VOIE LENTE OU VOIE RAPIDE

Panayi en rigole. Il n’a jamais entendu parler d’une enquête contre lui.  » Certes, des personnes affirment qu’il vaut mieux m’éviter. Elles ont peur. Le président du syndicat des arbitres a déjà été arrêté. Il était le bras droit de Reijgwart, Uilenberg et Koumas.  » Il ajoute une autre anecdote qui doit être prouvée :  » Lorsque Trattou présidait le syndicat des arbitres, j’étais son bras droit. Trattou est comme un frère pour moi. Reijgwart nous a affirmé qu’il était sur le point de se retirer. Selon lui, parce que Koumas lui imposait une trop grande pression. La nuit, il devait se rendre dix fois aux toilettes, à cause du stress. Peut-on être plus clair ?  »

Panayi a lui-même été confronté à l’inavouable durant sa carrière. A trois reprises. Deux fois lorsqu’il sifflait dans les divisions inférieures, une fois en D1. Il a toujours refusé la proposition.  » Le message était clair. J’en suis très fier.  » Il pouvait se le permettre, car il est le propriétaire d’un restaurant dans la capitale grecque, Athènes, et d’un bar dans la cité balnéaire chypriote de Paphos. Il loue aussi des terrains synthétiques.  » Sur le plan financier, je suis indépendant. Personne ne peut m’influencer.  »

Il affirme avoir refusé, en 2012, sa désignation pour un match concernant la relégation, de crainte de devoir influencer le résultat. C’était l’année où il a été élu meilleur arbitre de Chypre.  » J’ai donné à Reijgwart les noms de deux arbitres qui convenaient mieux pour ce match. Il a choisi l’un d’eux. Après cinq minutes, il a sifflé un penalty et exclu un joueur.

Plus tard, il est apparu dans un rapport de l’UEFA que ce match avait été considéré comme suspect. Pourtant, l’arbitre a reçu une note de 8.3 de la part de l’examinateur. Deux ans plus tard, ce dernier a reconnu qu’il avait été mis sous pression pour accorder une bonne note. Malgré ces révélations, rien ne s’est produit : cet arbitre a continué à siffler.  »

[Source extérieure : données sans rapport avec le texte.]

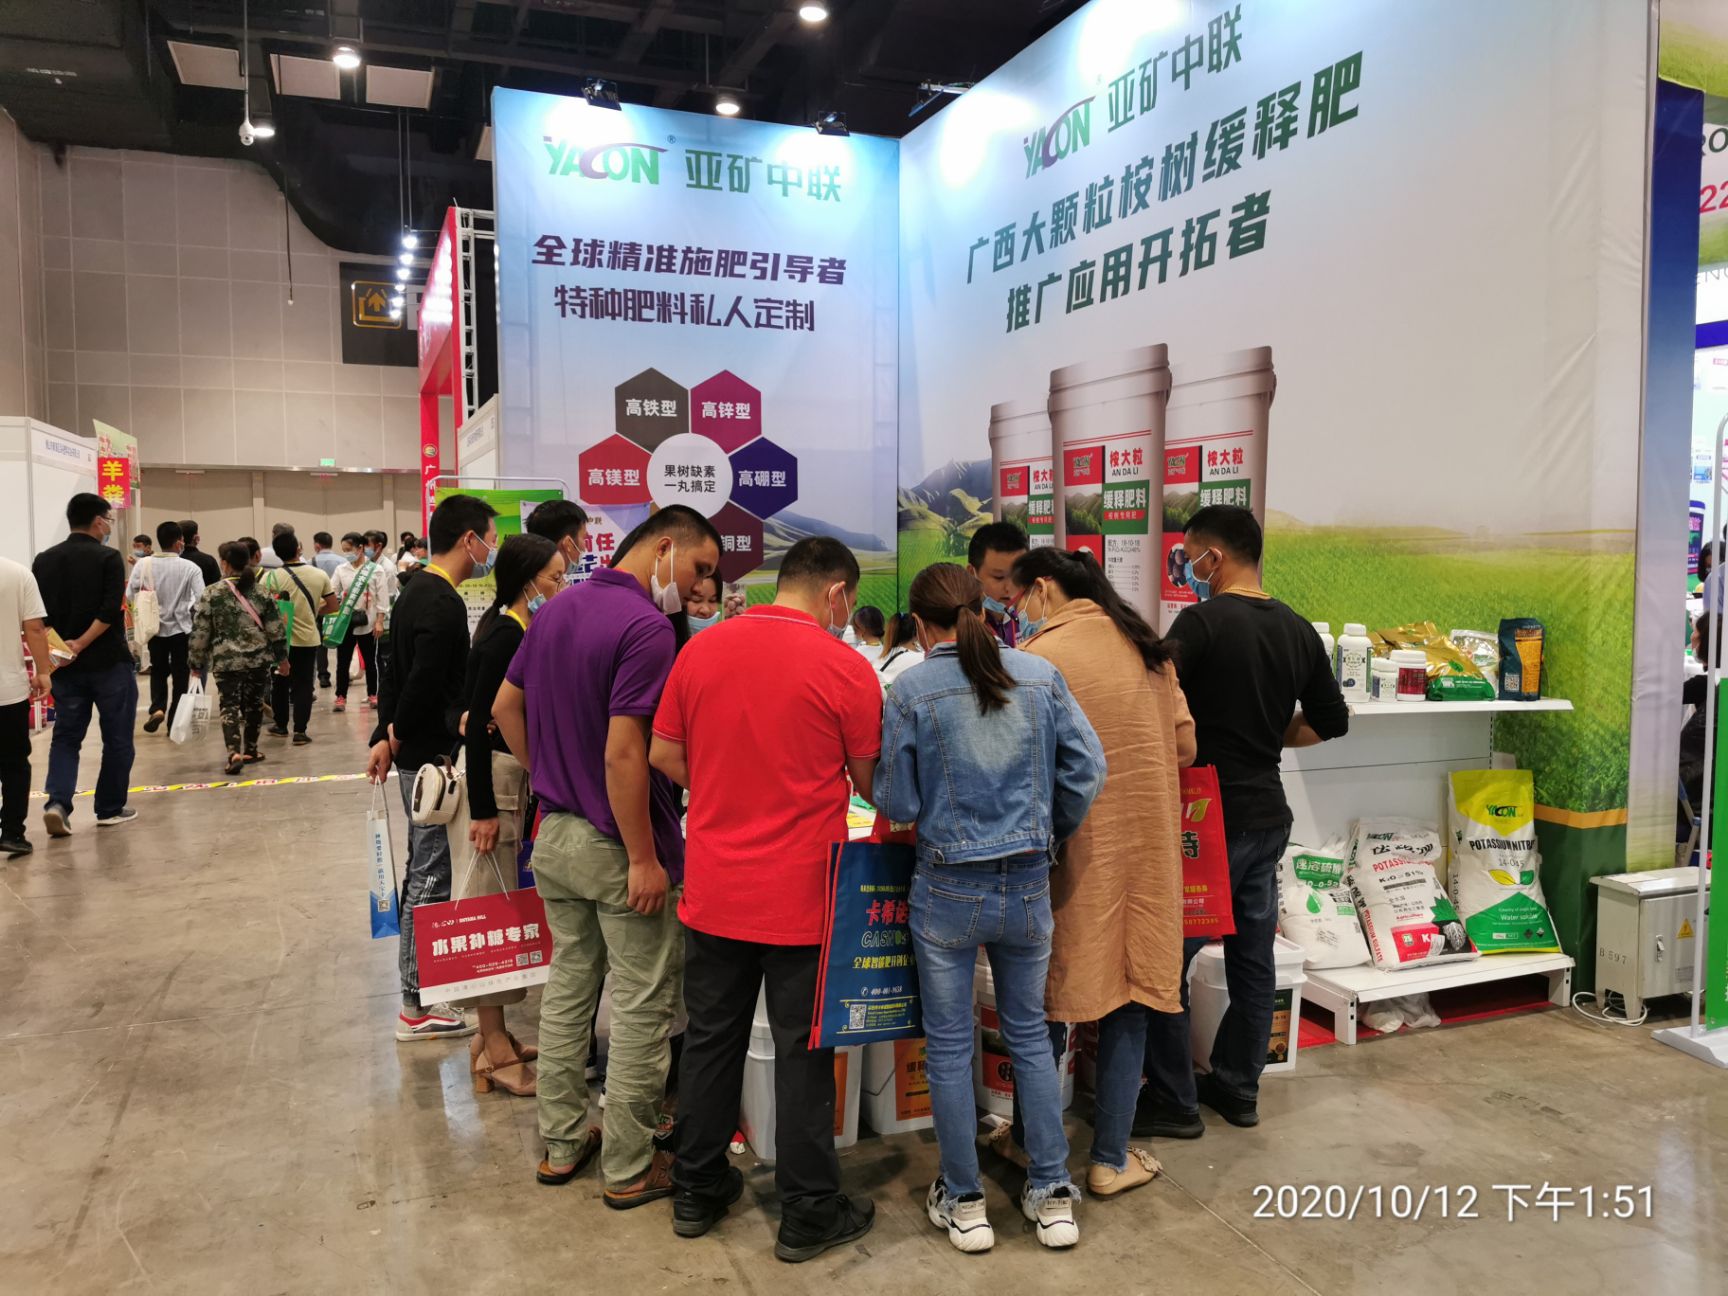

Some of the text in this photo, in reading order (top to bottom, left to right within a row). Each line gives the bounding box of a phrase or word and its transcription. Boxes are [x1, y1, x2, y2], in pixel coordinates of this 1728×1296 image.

Il a encore attendu deux ans avant d’étaler toutes ces affaires sur la place publique. Trattou venait de perdre l’élection à la présidence du syndicat des arbitres, contre un homme appartenant au clan Koumas. Tout espoir de réforme était perdu. En septembre 2014, Panayi a été désigné pour la dernière fois pour arbitrer un match : Apollon-AEK. Puis, plus rien. Au départ, à sa propre demande, en raison de problèmes personnels. Mais d’autres considérations entraient en jeu aussi.  » Reijgwart m’a dit qu’il avait reçu des instructions de la fédération pour que je ne sois plus désigné. Ce fut, pour moi, le signal m’incitant à ne plus me taire.  »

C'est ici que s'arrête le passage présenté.